- TASK DIRECTIONS -
The data below contains pictures, which are to be skipped; the lines starting at the line with "this 1632×1224 image." and ending at the line with "Some of the text" are to be output exactly, both ends included.

- DATA SHOWN -
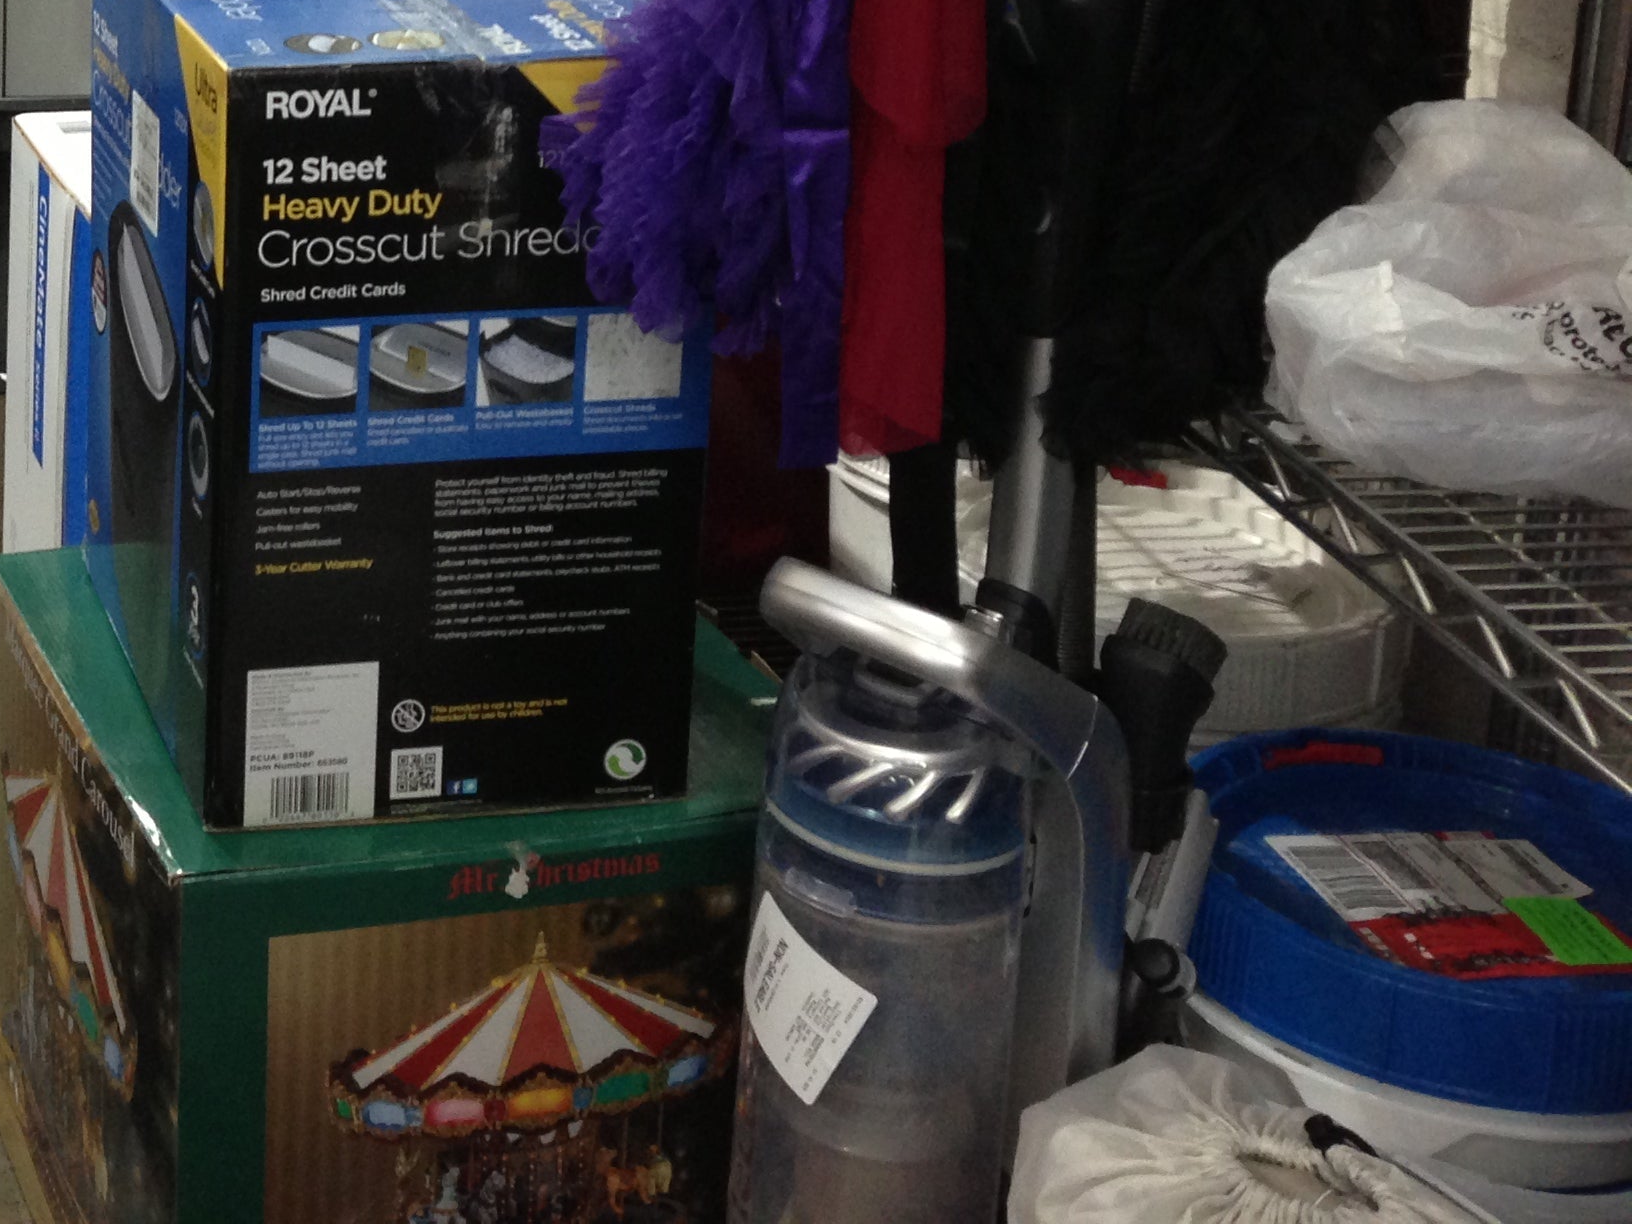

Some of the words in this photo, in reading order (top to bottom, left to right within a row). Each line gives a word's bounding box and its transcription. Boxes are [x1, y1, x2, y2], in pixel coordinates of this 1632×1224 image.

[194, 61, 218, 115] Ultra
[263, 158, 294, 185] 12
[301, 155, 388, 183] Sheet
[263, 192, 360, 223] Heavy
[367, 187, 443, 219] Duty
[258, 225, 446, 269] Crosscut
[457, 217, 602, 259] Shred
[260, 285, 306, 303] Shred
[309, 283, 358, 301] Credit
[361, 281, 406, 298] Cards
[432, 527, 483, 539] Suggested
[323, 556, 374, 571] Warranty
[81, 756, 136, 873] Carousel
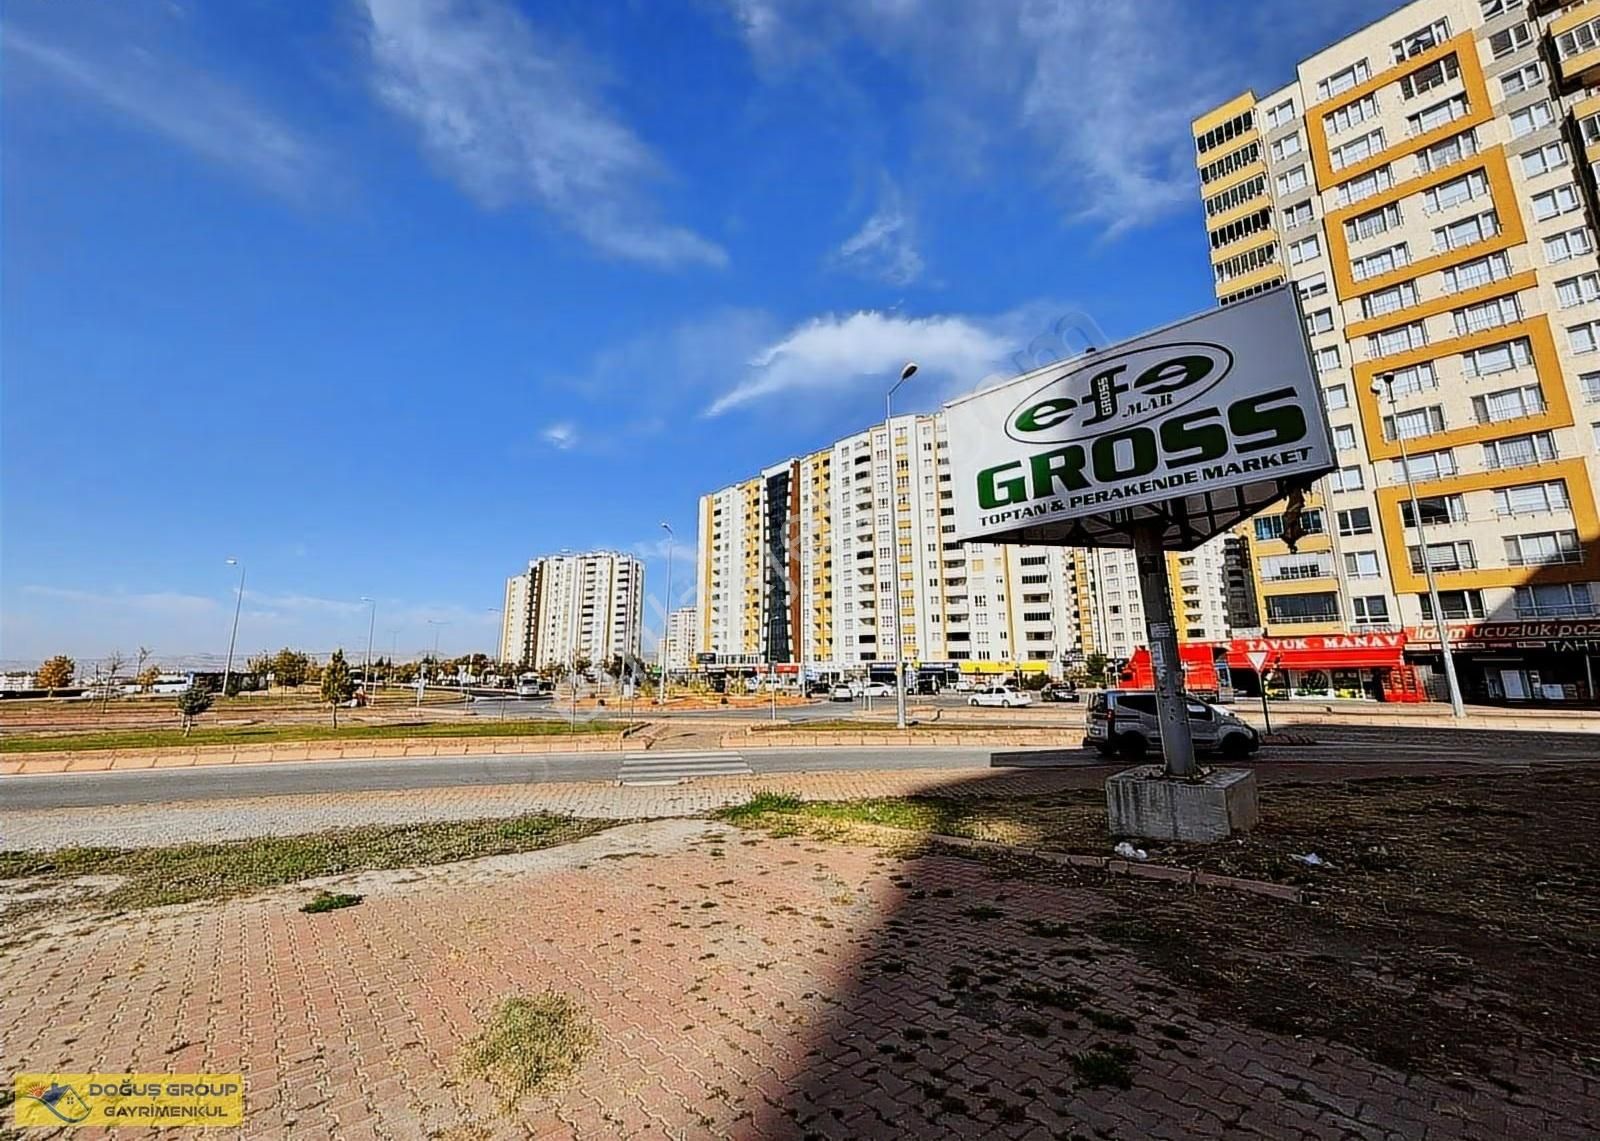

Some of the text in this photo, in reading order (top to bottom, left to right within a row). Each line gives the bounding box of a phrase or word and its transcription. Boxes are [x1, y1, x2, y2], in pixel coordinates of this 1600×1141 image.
---
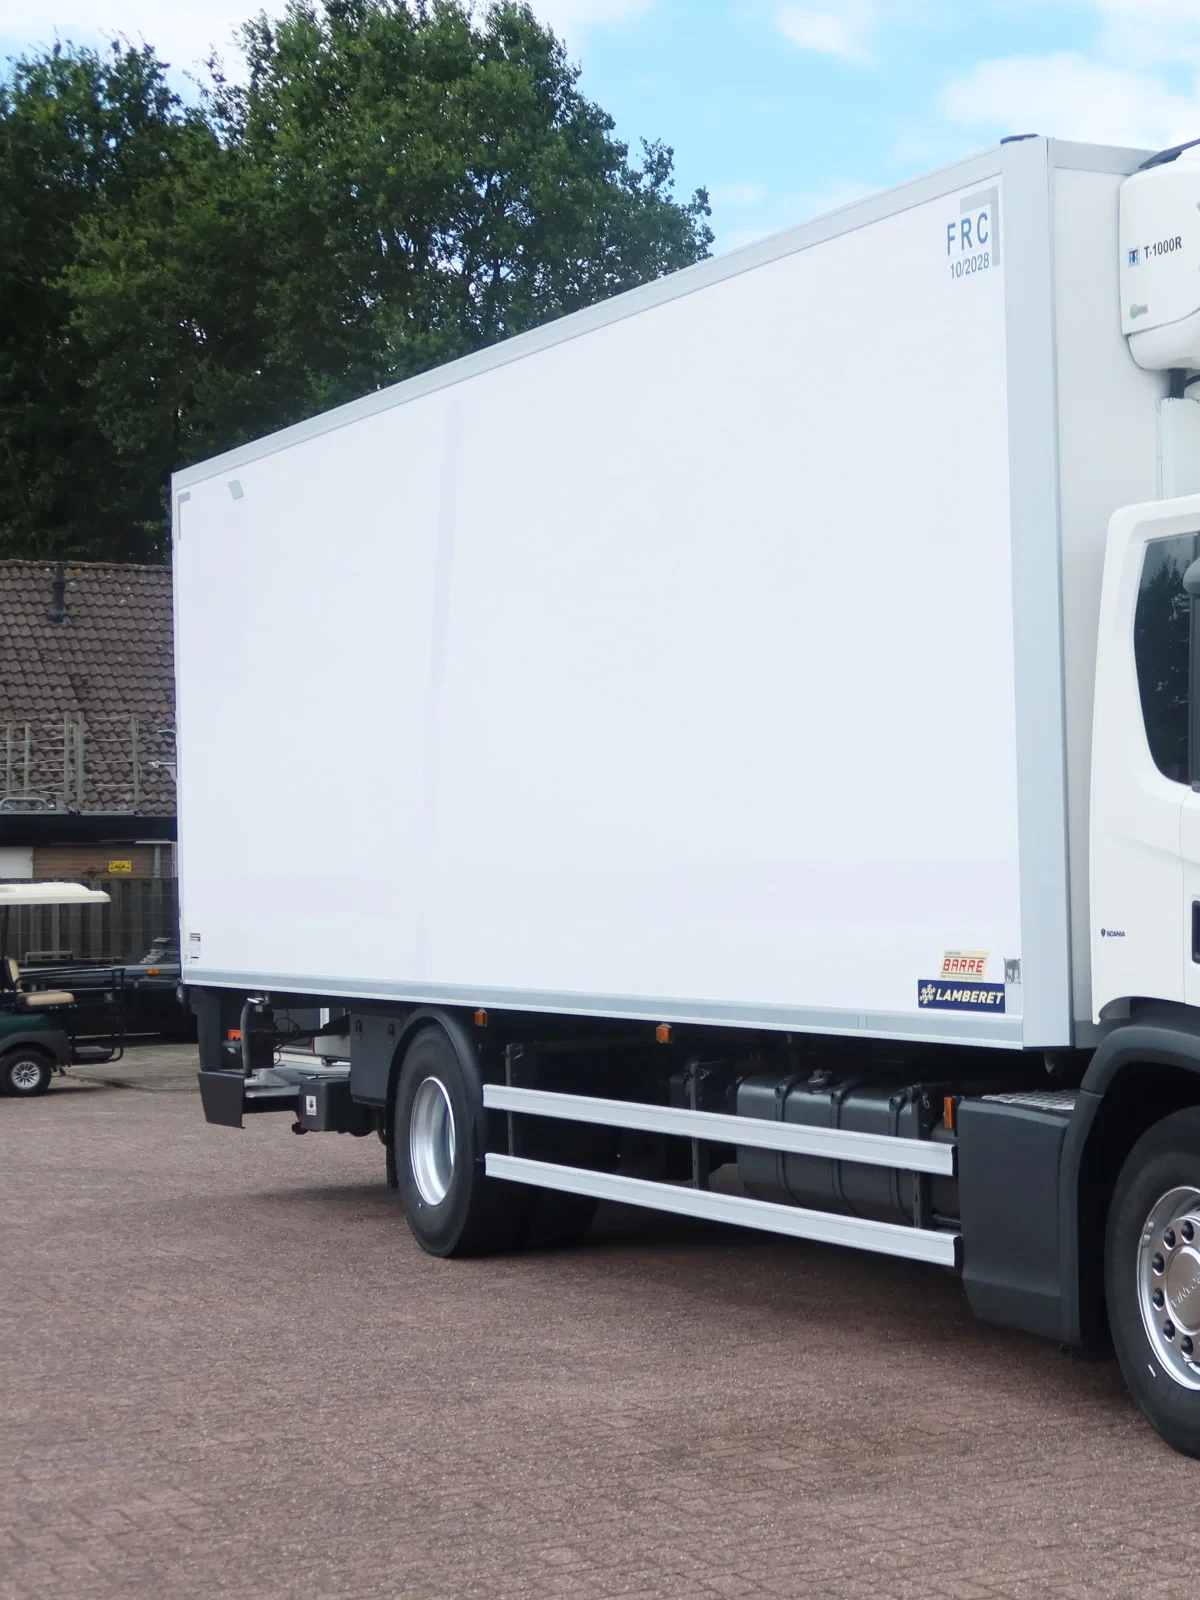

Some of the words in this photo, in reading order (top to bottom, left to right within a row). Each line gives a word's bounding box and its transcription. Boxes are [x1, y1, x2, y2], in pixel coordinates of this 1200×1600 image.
==
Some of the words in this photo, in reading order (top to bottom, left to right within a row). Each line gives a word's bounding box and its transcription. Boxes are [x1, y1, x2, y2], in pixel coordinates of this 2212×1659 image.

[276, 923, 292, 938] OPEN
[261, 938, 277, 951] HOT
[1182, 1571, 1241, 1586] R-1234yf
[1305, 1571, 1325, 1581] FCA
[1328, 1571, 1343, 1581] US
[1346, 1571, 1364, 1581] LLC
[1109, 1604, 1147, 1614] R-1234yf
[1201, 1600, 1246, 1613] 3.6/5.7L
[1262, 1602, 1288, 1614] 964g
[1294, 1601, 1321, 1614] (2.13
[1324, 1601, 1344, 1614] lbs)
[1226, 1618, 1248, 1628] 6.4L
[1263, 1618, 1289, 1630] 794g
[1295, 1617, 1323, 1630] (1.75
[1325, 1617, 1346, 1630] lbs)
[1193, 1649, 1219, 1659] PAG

- REPLY TO THE EXERCISE -
Some of the words in this photo, in reading order (top to bottom, left to right within a row). Each line gives a word's bounding box and its transcription. Boxes are [x1, y1, x2, y2], in pixel coordinates of this 1632×1224 image.

[194, 61, 218, 115] Ultra
[263, 158, 294, 185] 12
[301, 155, 388, 183] Sheet
[263, 192, 360, 223] Heavy
[367, 187, 443, 219] Duty
[258, 225, 446, 269] Crosscut
[457, 217, 602, 259] Shred
[260, 285, 306, 303] Shred
[309, 283, 358, 301] Credit
[361, 281, 406, 298] Cards
[432, 527, 483, 539] Suggested
[323, 556, 374, 571] Warranty
[81, 756, 136, 873] Carousel

Some of the text in this photo, in reading order (top to bottom, left to right within a row). Each line gives the bounding box of a phrase or word and its transcription. Boxes are [x1, y1, x2, y2], in pixel coordinates of this 1600×1141 image.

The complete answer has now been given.